[YOUR ASSIGNMENT]: Pictures in the data must not be copied, but everything else should be output exactly.

___ GIVEN RECORDS ___

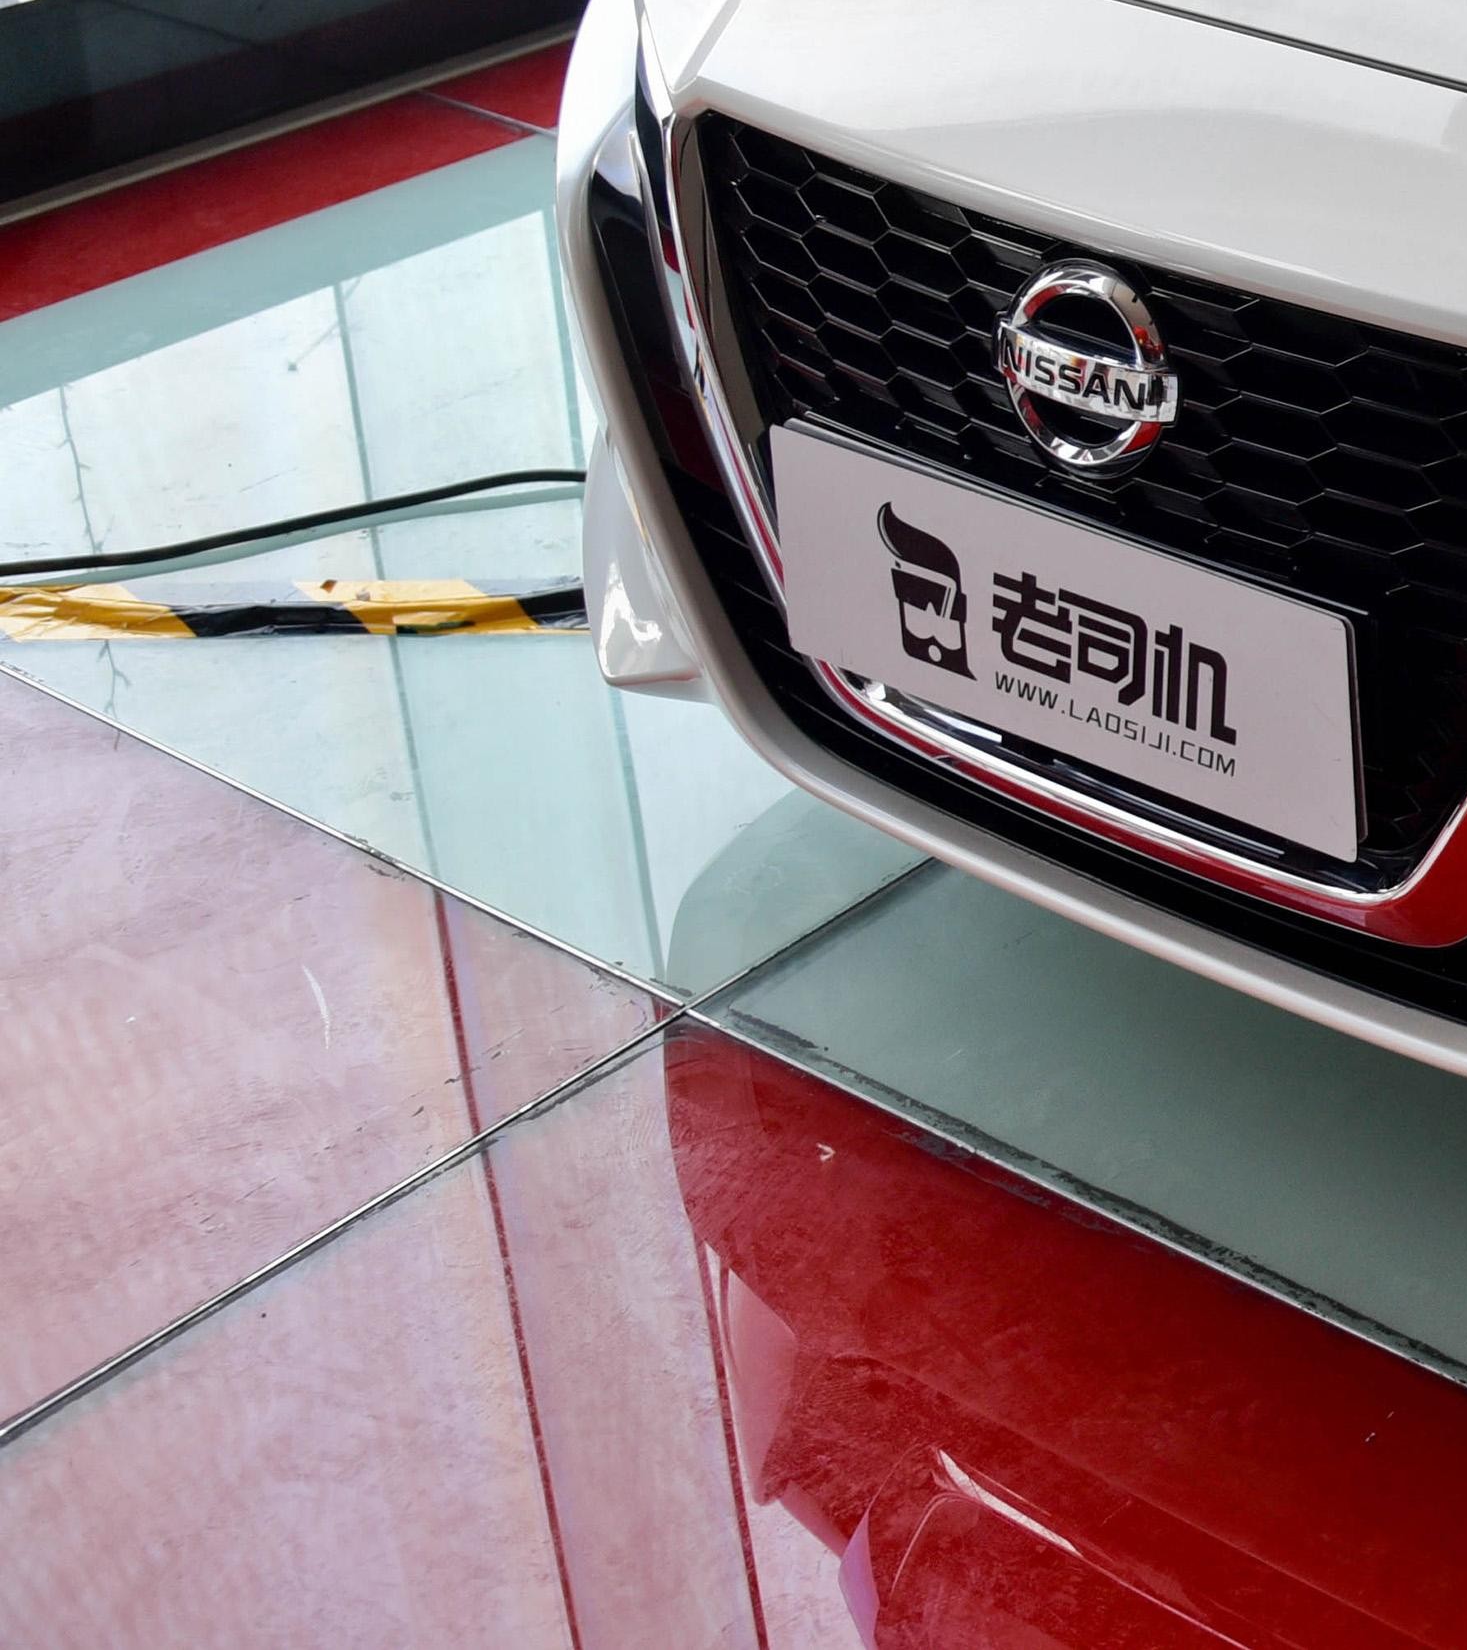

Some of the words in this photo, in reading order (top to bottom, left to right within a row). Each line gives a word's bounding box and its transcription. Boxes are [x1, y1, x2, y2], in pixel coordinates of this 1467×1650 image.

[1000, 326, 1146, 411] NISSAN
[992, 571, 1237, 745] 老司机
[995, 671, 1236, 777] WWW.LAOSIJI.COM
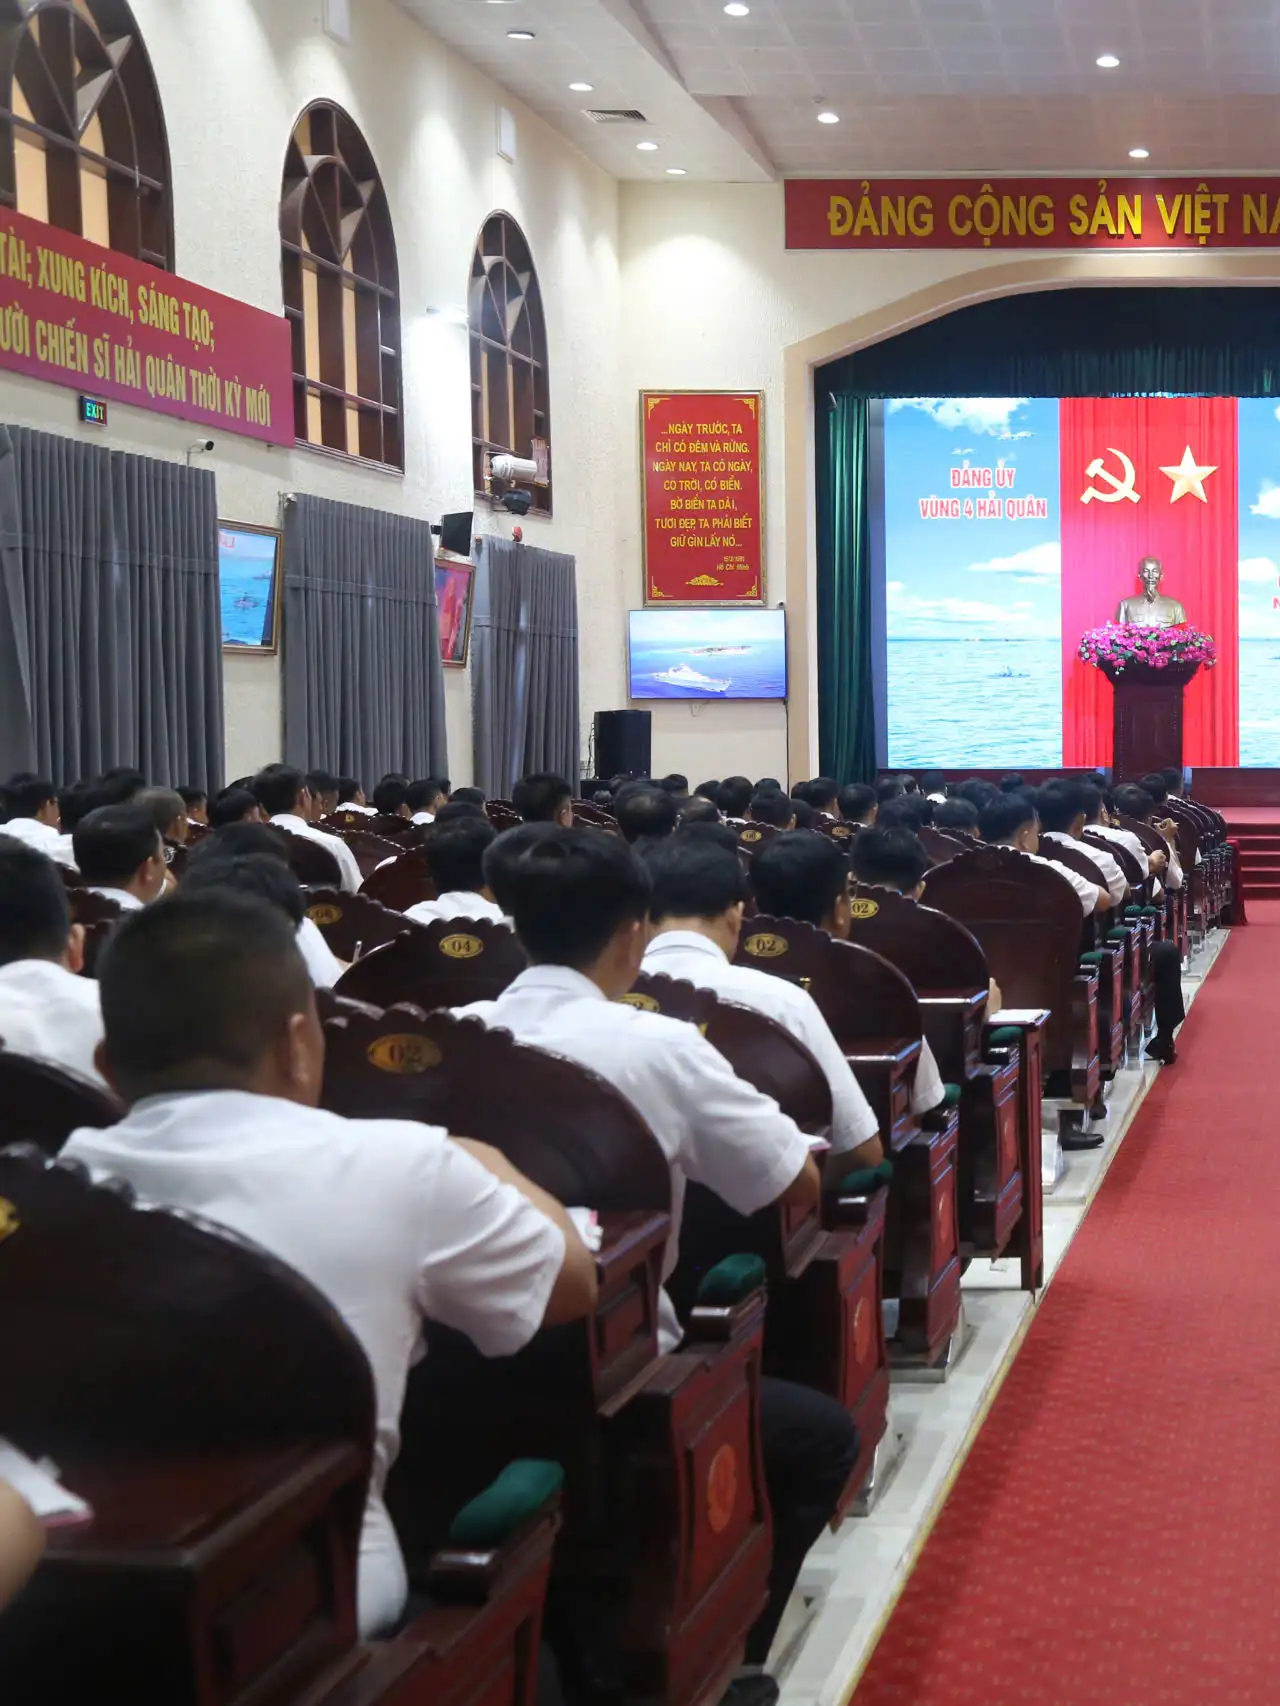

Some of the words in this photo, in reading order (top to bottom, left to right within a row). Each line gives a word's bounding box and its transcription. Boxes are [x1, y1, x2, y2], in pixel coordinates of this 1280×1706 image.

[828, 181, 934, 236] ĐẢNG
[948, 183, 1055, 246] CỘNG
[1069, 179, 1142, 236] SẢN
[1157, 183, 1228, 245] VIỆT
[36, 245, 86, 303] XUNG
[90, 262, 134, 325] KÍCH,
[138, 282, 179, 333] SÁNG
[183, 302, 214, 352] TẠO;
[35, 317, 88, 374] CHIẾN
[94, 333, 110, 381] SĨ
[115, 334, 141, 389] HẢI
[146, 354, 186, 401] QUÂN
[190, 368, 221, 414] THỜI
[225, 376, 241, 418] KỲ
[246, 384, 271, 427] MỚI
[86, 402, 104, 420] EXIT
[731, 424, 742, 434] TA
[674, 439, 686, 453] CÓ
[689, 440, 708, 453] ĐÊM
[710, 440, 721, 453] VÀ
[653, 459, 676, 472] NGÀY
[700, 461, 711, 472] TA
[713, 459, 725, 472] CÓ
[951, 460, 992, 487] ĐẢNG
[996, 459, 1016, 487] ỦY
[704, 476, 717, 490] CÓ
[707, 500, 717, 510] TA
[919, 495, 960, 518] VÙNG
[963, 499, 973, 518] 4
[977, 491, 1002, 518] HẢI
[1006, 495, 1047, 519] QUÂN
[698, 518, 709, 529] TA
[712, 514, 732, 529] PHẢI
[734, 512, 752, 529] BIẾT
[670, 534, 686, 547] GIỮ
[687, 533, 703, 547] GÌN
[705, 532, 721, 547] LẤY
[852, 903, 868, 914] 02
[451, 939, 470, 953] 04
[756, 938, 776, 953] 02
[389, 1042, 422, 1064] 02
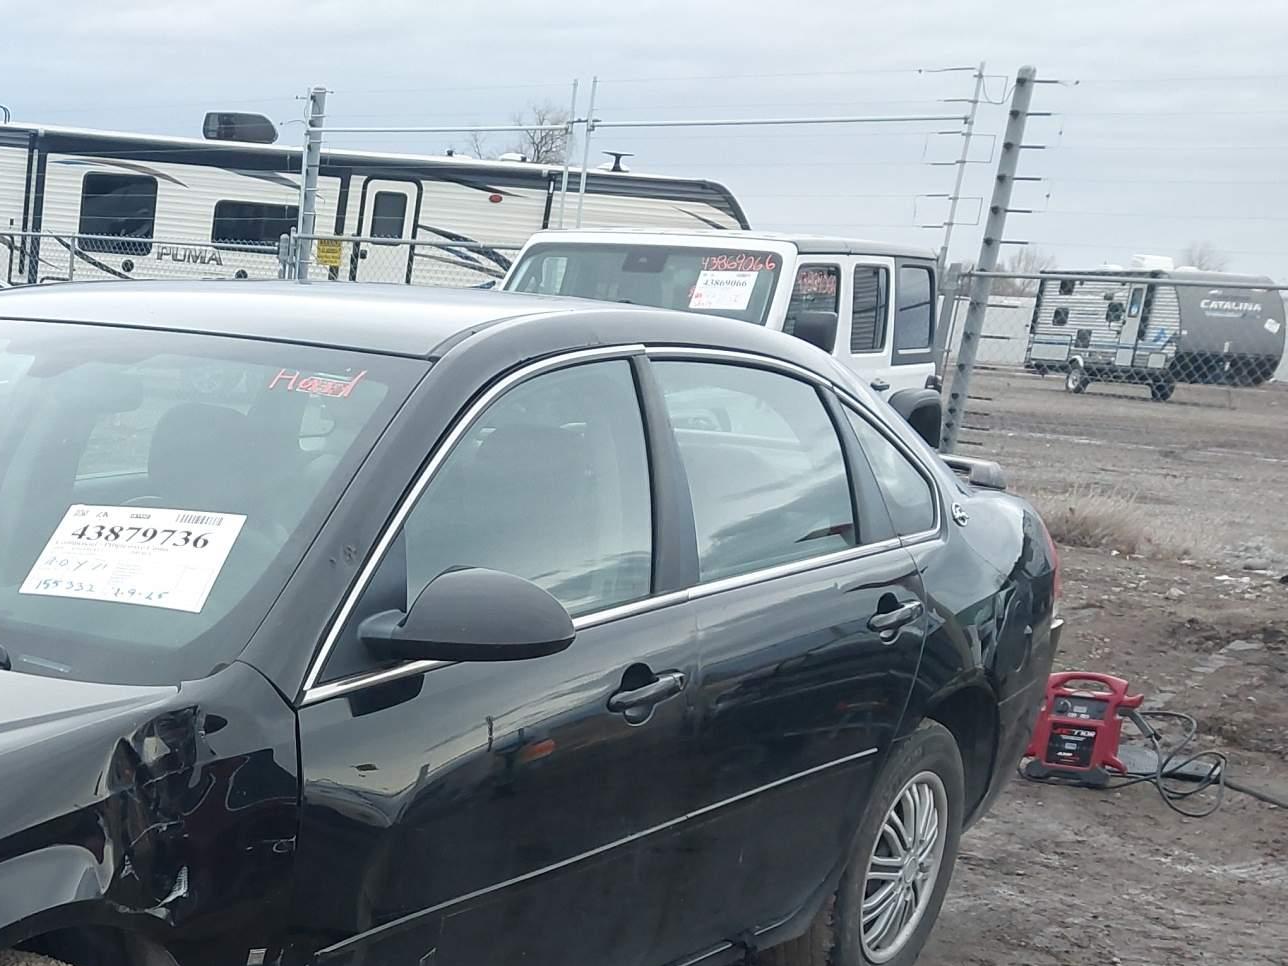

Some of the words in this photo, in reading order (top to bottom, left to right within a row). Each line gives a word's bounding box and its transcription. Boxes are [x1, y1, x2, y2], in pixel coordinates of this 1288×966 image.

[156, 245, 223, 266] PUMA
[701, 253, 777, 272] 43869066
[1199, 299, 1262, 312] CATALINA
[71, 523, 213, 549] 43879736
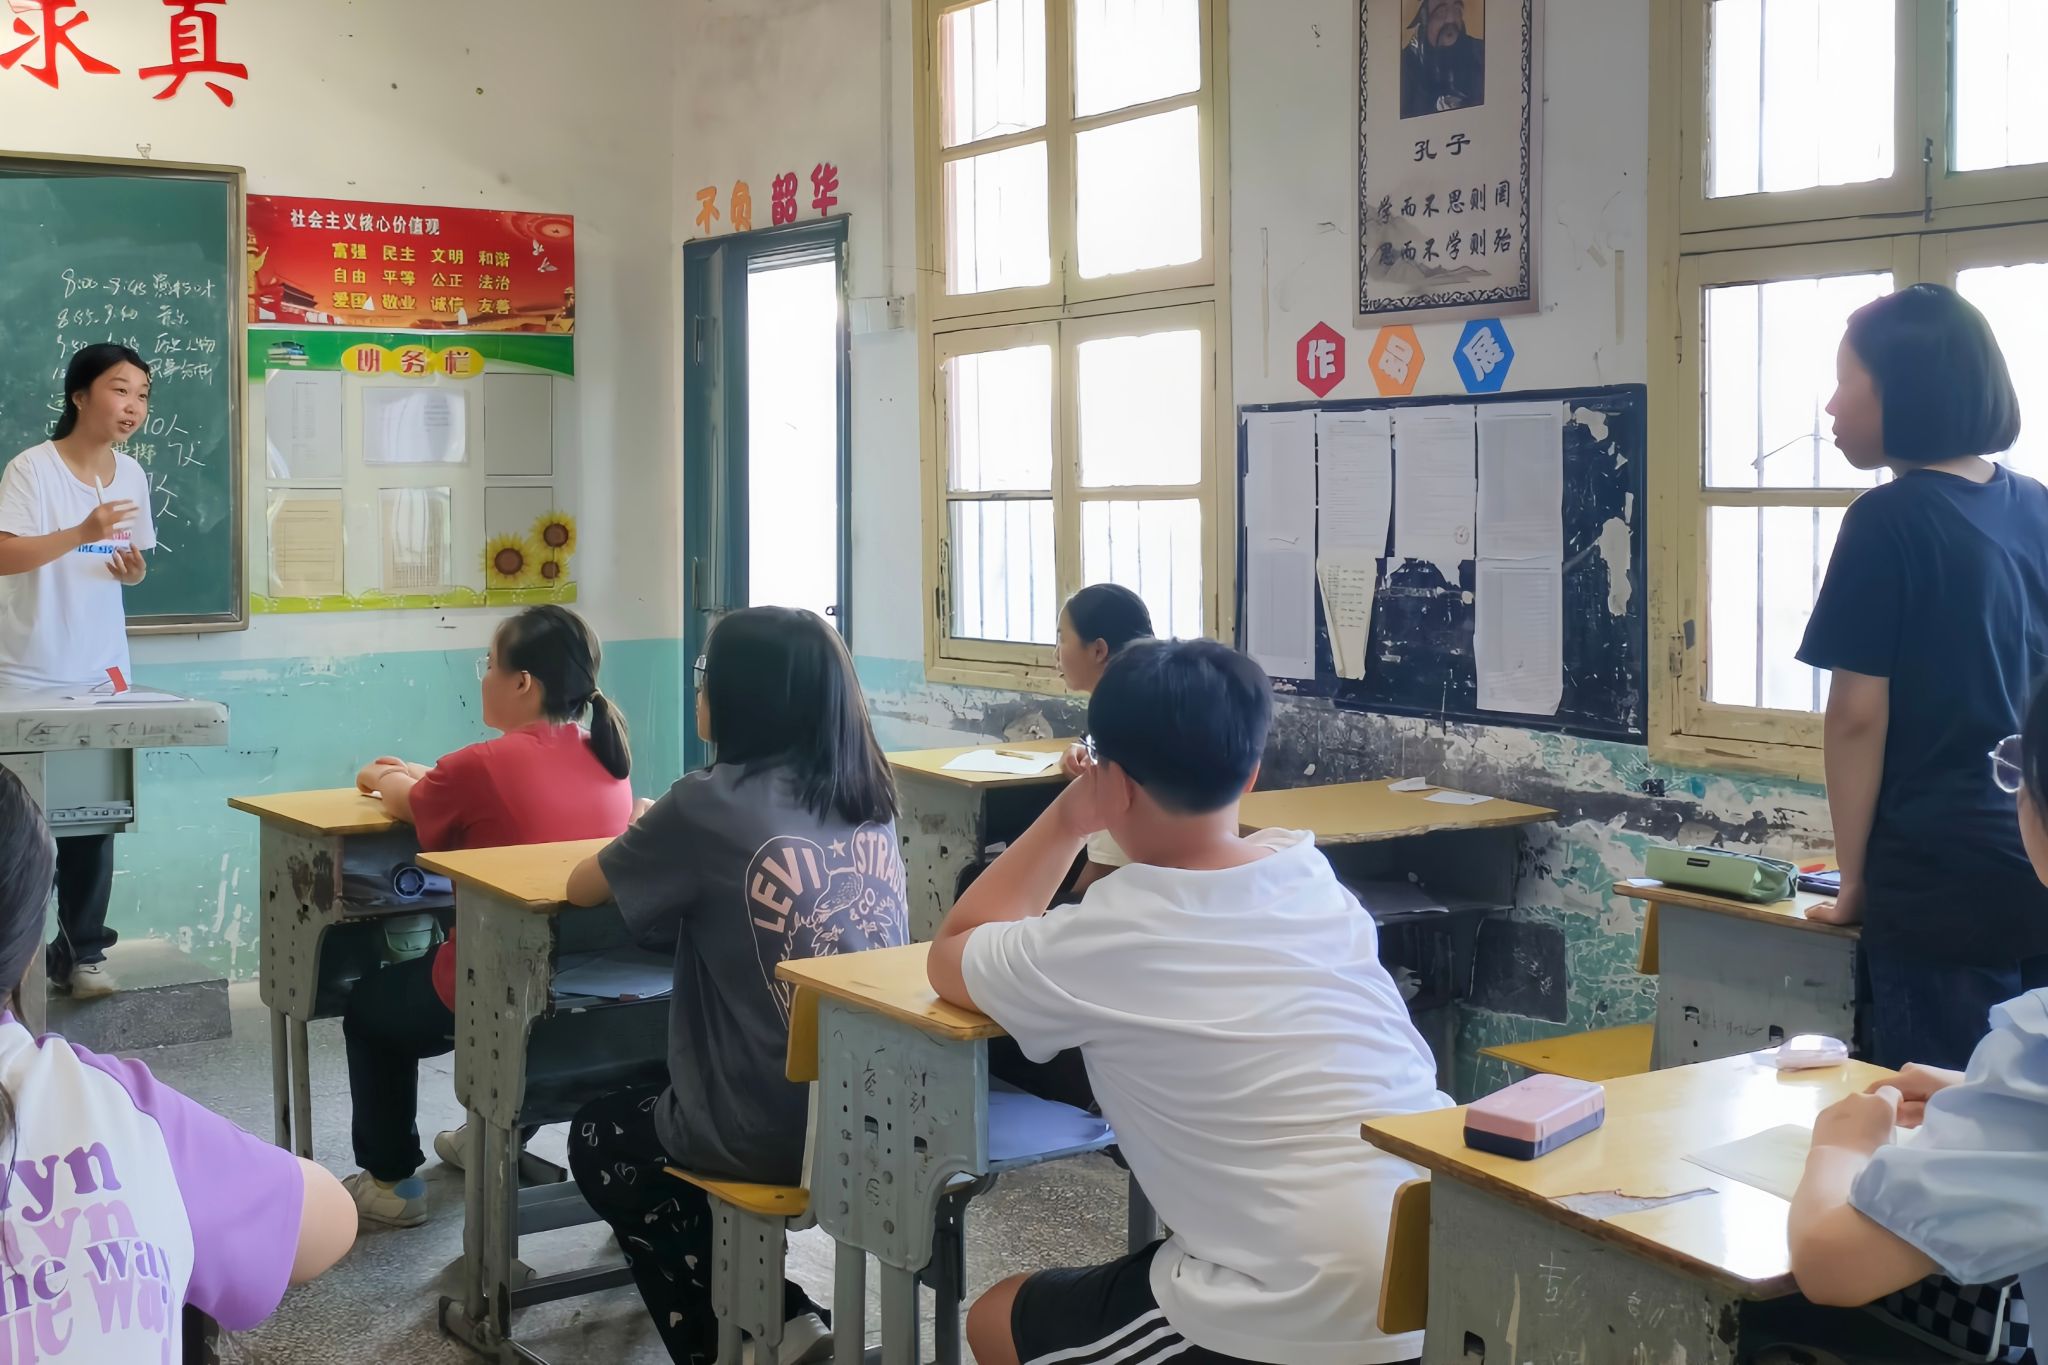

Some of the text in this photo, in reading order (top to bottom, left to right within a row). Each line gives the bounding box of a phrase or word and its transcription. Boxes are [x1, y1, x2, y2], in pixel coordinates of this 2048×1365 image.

___

[ANSWER BELOW]:
Some of the words in this photo, in reading order (top to bottom, left to right within a row). Each line gives a word's bounding box and its transcription. Boxes are [x1, y1, x2, y2], in pixel coordinates of this 1467×1650 image.

[1000, 326, 1146, 411] NISSAN
[992, 571, 1237, 745] 老司机
[995, 671, 1236, 777] WWW.LAOSIJI.COM

Some of the words in this photo, in reading order (top to bottom, left to right within a row). Each line gives a word's bounding box and its transcription. Boxes are [x1, y1, x2, y2], in pixel coordinates of this 1280×1706 image.

[828, 181, 934, 236] ĐẢNG
[948, 183, 1055, 246] CỘNG
[1069, 179, 1142, 236] SẢN
[1157, 183, 1228, 245] VIỆT
[36, 245, 86, 303] XUNG
[90, 262, 134, 325] KÍCH,
[138, 282, 179, 333] SÁNG
[183, 302, 214, 352] TẠO;
[35, 317, 88, 374] CHIẾN
[94, 333, 110, 381] SĨ
[115, 334, 141, 389] HẢI
[146, 354, 186, 401] QUÂN
[190, 368, 221, 414] THỜI
[225, 376, 241, 418] KỲ
[246, 384, 271, 427] MỚI
[86, 402, 104, 420] EXIT
[731, 424, 742, 434] TA
[674, 439, 686, 453] CÓ
[689, 440, 708, 453] ĐÊM
[710, 440, 721, 453] VÀ
[653, 459, 676, 472] NGÀY
[700, 461, 711, 472] TA
[713, 459, 725, 472] CÓ
[951, 460, 992, 487] ĐẢNG
[996, 459, 1016, 487] ỦY
[704, 476, 717, 490] CÓ
[707, 500, 717, 510] TA
[919, 495, 960, 518] VÙNG
[963, 499, 973, 518] 4
[977, 491, 1002, 518] HẢI
[1006, 495, 1047, 519] QUÂN
[698, 518, 709, 529] TA
[712, 514, 732, 529] PHẢI
[734, 512, 752, 529] BIẾT
[670, 534, 686, 547] GIỮ
[687, 533, 703, 547] GÌN
[705, 532, 721, 547] LẤY
[852, 903, 868, 914] 02
[451, 939, 470, 953] 04
[756, 938, 776, 953] 02
[389, 1042, 422, 1064] 02

Some of the words in this photo, in reading order (top to bottom, left to right within a row). Each line gives a word's bounding box and its transcription. Boxes are [x1, y1, x2, y2], in pixel coordinates of this 1288×966 image.

[156, 245, 223, 266] PUMA
[701, 253, 777, 272] 43869066
[1199, 299, 1262, 312] CATALINA
[71, 523, 213, 549] 43879736

Some of the text in this photo, in reading order (top to bottom, left to right within a row). Each line gives the bounding box of a phrase or word and its transcription. Boxes are [x1, y1, x2, y2], in pixel coordinates of this 2048×1365 image.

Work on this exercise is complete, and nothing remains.